However, the problem Read noted with my original t tests on the WPEs would seem also to be applicable to the conclusions drawn in the USCV report, as well as to the averaging of the state WPEs in the EM report. Sounds like everyone should be taking more notice of Campbell Read!

Posted by: Febble | Apr 10, 2005 5:47:46 AM


My concerns here are three:

1) You have alluded in several places--both in this post, and in others--to the fact that a complete analysis of the E/M data, one which fully responds to all possible areas of inquiry, is impossible at this time because not all of the necessary data has been released by E/M. Three sub-questions here:

a) What is being done, by you and by others who doubt the U.S. Count Votes analysis (and, moreover, are writing impliedly against its conclusions, albeit in good faith) to ensure that E/M releases this vital data, and quickly?

b) Is it not statistically, procedurally, and (dare I say) scientifically sound to maintain skepticism over a scientific conclusion until that conclusion has been verified? Is a scientist, or exit-pollster, not called upon, in this scenario, to favor the U.S. Count Votes analysis until it is proven incorrect? While I would not normally make this argument--in fact, might argue that the proof lies with the opposing party--considering points 1a (above) and 1c (below), aren't the normal rules of intellectual engagement of a dilemma necessarily amended?

c) E/M are purportedly professional exit-pollsters. You must assume that they know what data you need to analyze their results. You must also assume that their decision not to release that data is intentional. You must, I would think, therefore concede that E/M has not only encouraged but indeed *demanded* of the public a skepticism as to their own exit-poll results, and that their unwillingness to release data has shifted the burden of proof from scientists such as U.S. Count Votes to E/M itself. USCV cannot be shackled in its statistical analyses by the bad faith of E/M and then, also, be told that they bear the burden of irretrievably proving E/M wrong. That seems, to me, an absurdity, and, moreover, contrary to conventions in the scientific community. [Which, as you well know, not only favors but essentially *demands* immediate release of data by a scientist following an experiment and/or scientific conclusion. As you also know, the nation's preeminent exit-polling organization has a similar standard of professional conduct to what I've just described].

2) Would it be unreasonable for an observer such as myself to query of you whether you will concede that U.S. Count Votes *may* be correct in its analysis?
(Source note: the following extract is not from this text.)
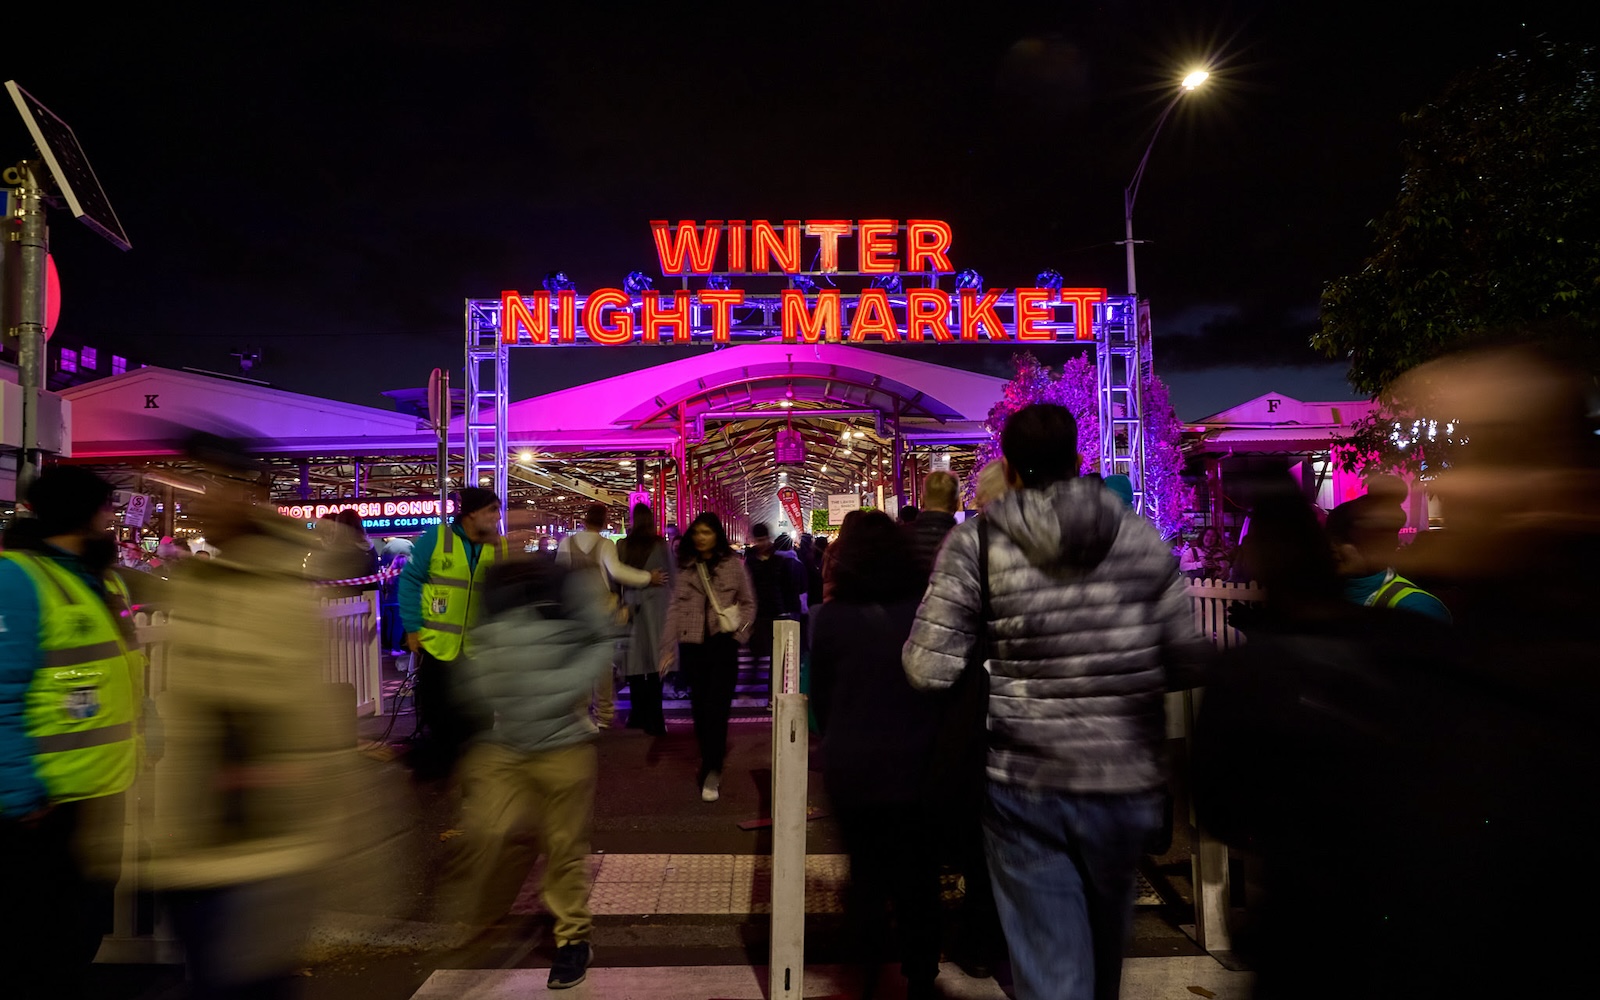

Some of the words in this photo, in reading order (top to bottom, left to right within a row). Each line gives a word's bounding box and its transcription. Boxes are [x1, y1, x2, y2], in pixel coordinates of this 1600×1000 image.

Respectfully, you seem loathe to incorporate this possibility into your monologue on the subject: that is, you (and I do respect this) leave room for the possibility that your E/M-friendly speculations are wrong, but seem steadfast in avoiding any statement to the effect that the analysis of U.S. Count Votes is right. Am I apprehending your manner on this topic correctly? And if so, can you articulate the reasoning behind it? And if not, would you state here that you allow for the possibility that U.S. Count Votes is entirely correct in its conclusions?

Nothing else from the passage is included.